This is the third article in a series about The Birthday Project. You can read part two here.

As we walked along the back of the lines waiting at the Southwest Airlines ticket booths, looking for the right clerk, I knew that there was a real possibility that the plan might not work. Only a week earlier I had pitched my birthday idea to my friend a Kevin. Now we were in Orlando, actually getting ready to do it.

The plan was to let the airline clerks at airports across the country choose the destinations of our one-week U.S. tour. We would simply present our credit cards to the ticket sales clerks, and ask them to choose. City to city. Around the country we would go. Travel Roulette, if you will. I had talked a friend of mine named Kevin (it didn’t take much arm-twisting) into joining me, and here we were.

Southwest was the largest carrier at the Orlando airport, and Kevin chose a young lady clerk, because we thought she might tolerate the proposal, all being recorded on video, mind you. We knew that if we chose the wrong clerk we could end up explaining our plan to the TSA all afternoon, rather than flying out.

Kevin chose the first clerk well. Mandy was her name. As soon as we explained that we wanted her to choose the first destination on our trip, charge our credit cards, and give us tickets without telling us where we were going, she agreed. I was shocked that it had worked. In the back of my mind, I’m not sure I really thought we could pull it off.

But she was into it. Mandy began scouring the computer screen for the right destination. The only constraint we gave her was that we needed to stay in the U.S. We only had a week. And we knew multiple one-way tickets would add up fast. This wasn’t a world tour. Just the U.S.. Other than that limitation, it was completely up to her.

Having heard the excitement over what we were doing, as she chose our first destination, other ticket clerks came over to see where she was sending us. They all seemed to agree it was a good choice.
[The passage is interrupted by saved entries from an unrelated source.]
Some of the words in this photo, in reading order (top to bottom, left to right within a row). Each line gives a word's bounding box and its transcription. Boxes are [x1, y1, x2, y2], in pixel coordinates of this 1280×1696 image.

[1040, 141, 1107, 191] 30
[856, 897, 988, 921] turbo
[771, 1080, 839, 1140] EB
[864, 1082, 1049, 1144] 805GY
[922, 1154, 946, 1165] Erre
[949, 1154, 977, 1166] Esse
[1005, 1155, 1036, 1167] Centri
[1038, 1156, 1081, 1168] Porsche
Soon she had charged our credit cards, printed the tickets, and was explaining that she loved food. I love food too. This was sounding promising. If your going to be in the south, she explained, you’ve got to have bar-b-que. “Sounds awesome to me, I thought. “I love bar-b-que.”

Dallas, Texas it was.

At first I was a little surprised she chose Dallas. All week long I had imagined the different places we might end up. My thinking was that it would be a major city. When you ask people to name a fun place to visit, big cities come to mind. I just knew that it would be New York, or San Fransisco, or Vegas. A major destination. But now that I look back, we told her it was our first stop on a one-week adventure. It makes sense that she only took us to the first step. I always wanted to go to Dallas, but had never been. So I was excited about her choice.

It was about this point that I let Kevin in on a little secret. I was afraid to fly.
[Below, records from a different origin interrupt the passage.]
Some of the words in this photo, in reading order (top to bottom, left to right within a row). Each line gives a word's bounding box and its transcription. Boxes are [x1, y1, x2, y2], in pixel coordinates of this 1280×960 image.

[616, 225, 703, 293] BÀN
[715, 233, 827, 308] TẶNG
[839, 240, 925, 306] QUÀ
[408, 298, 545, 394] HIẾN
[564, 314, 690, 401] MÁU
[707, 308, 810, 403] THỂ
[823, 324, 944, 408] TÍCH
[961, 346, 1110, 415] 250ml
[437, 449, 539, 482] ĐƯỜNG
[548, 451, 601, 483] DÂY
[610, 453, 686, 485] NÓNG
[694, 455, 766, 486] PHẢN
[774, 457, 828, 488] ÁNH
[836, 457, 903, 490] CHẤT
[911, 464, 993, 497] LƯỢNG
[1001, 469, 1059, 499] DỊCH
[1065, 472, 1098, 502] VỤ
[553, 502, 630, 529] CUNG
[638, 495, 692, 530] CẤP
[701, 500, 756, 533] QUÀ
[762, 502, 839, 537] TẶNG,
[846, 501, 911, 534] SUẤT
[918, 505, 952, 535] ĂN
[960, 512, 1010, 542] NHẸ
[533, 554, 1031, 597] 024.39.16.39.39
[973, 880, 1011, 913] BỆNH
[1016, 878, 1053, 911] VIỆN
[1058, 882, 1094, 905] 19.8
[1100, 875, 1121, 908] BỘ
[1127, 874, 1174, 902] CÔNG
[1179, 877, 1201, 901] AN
My whole life I had only been on three planes, and one of those trips was as a child. A flight I didn’t remember. The other two included a flight from Gainesville, Florida to Miami to interview with a law firm, right after law school. And the third flight was to Chicago about 15 years ago to launch a magazine that I founded. Neither of those flights could be avoided.
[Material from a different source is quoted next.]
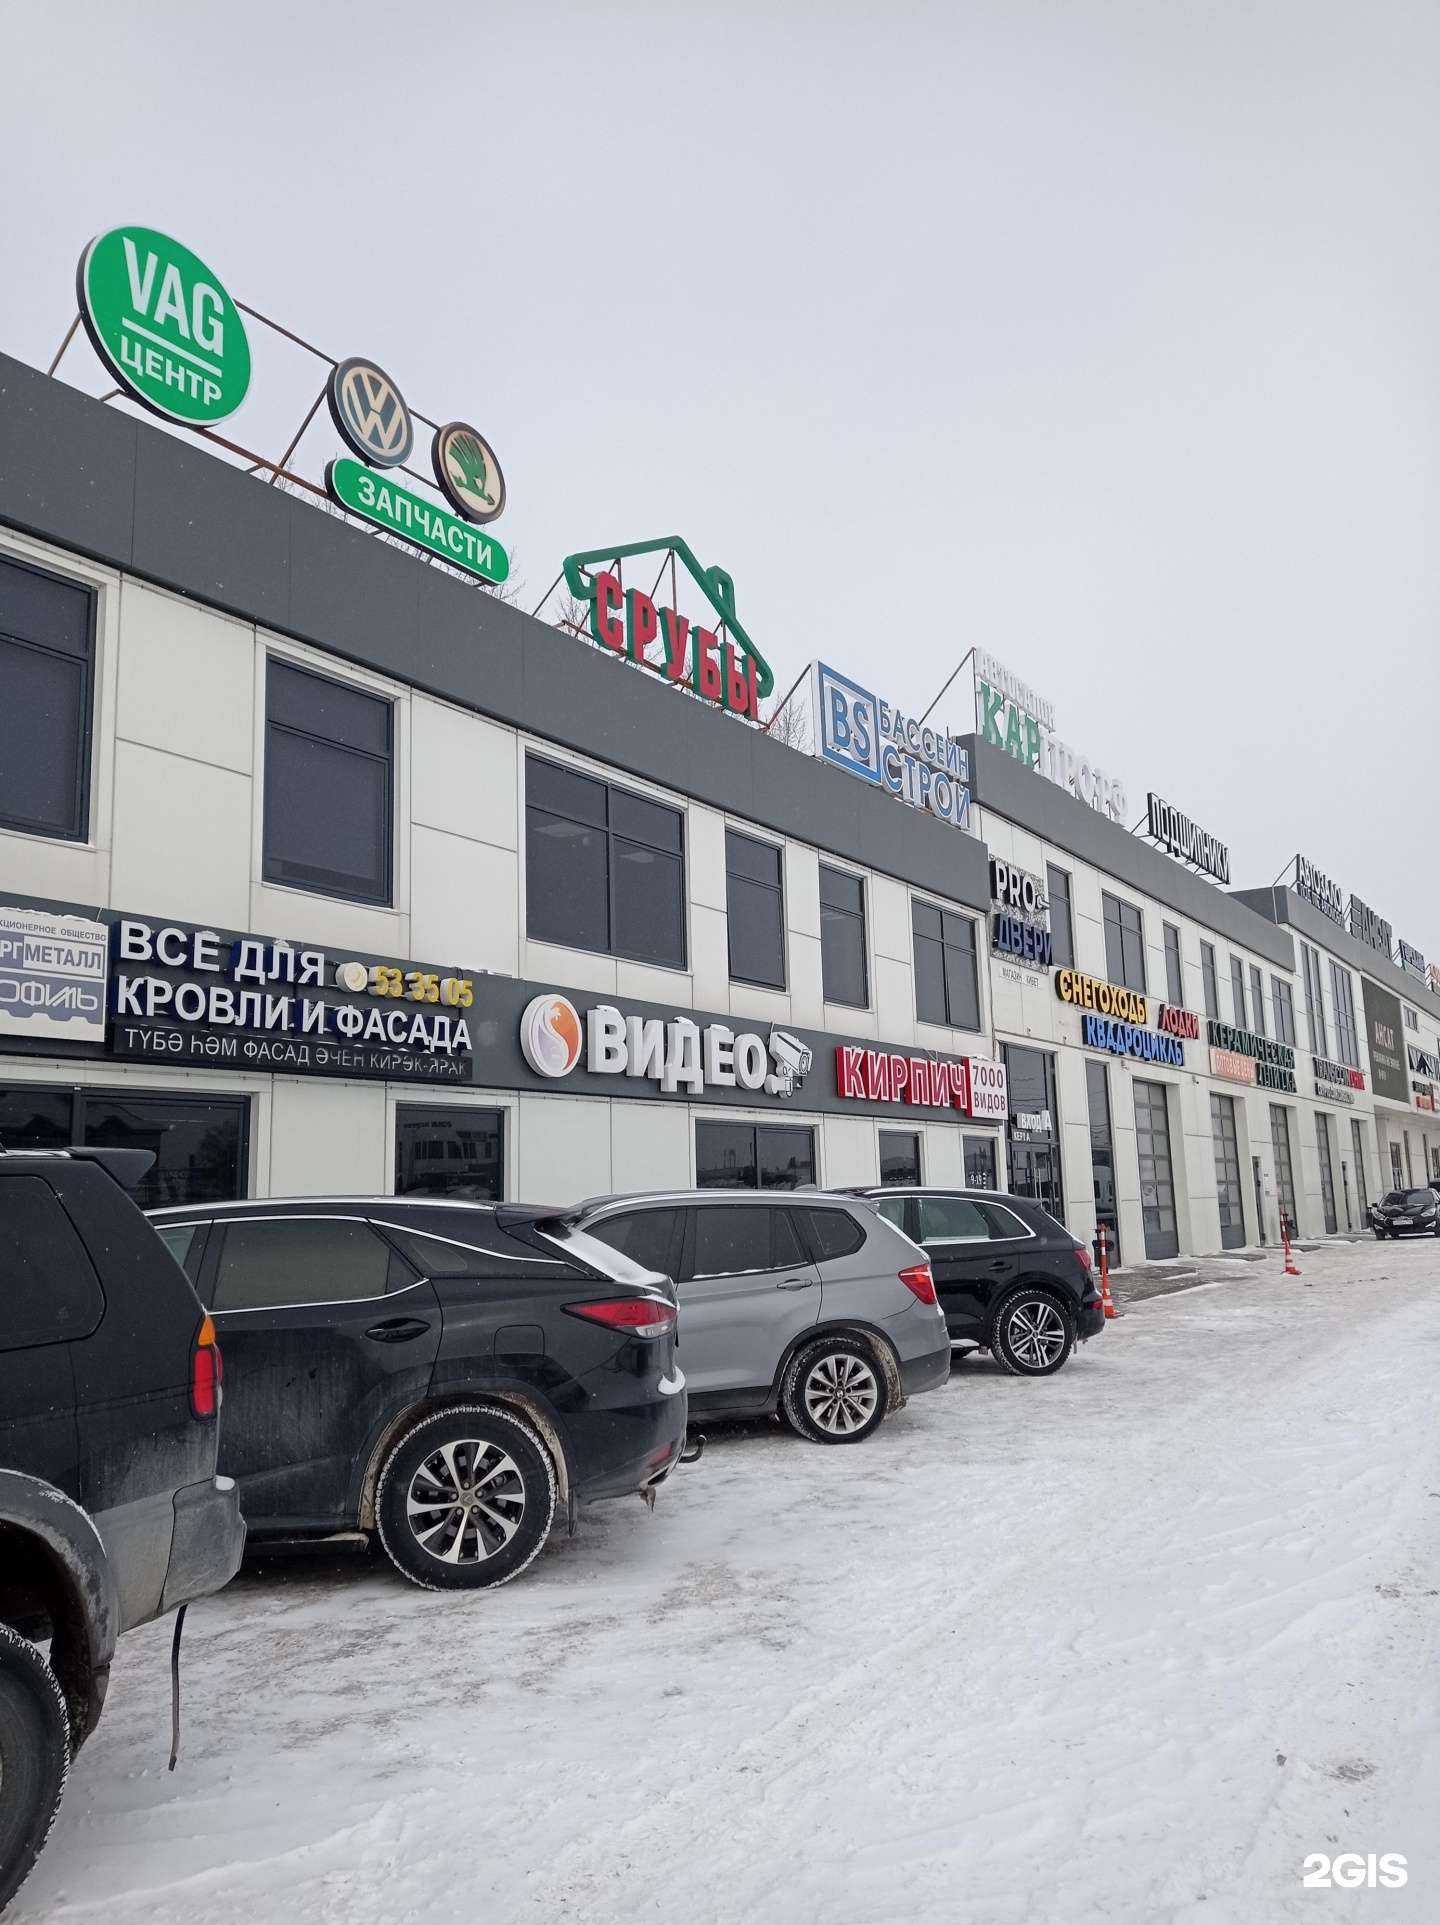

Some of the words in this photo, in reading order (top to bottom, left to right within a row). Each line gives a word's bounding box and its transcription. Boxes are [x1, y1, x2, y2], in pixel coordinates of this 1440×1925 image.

Over the years, I had often avoided flying by driving. I loved to take road trips, and managed to drive wherever I needed to go for work, fairly easily. And, as a family, we had traveled every inch of the eastern seaboard. Always by car. But in recent years it had become apparent that if I and my family were going to see the world, I would have to get past my fear of flying. For my 50th birthday I wanted to take some risks. Do something that scared me. This trip was, at least in part, to put that fear behind me once and for all. It was time to open up the world.

Kevin was not amused when I explained to him that I had a fear of flying. But I assured him I would be fine. We got some lunch and waited for our flight which was scheduled to board in about two hours. It had been a long, fast-paced week. This was the first opportunity I had to relax since pitching the idea to Kevin the week before.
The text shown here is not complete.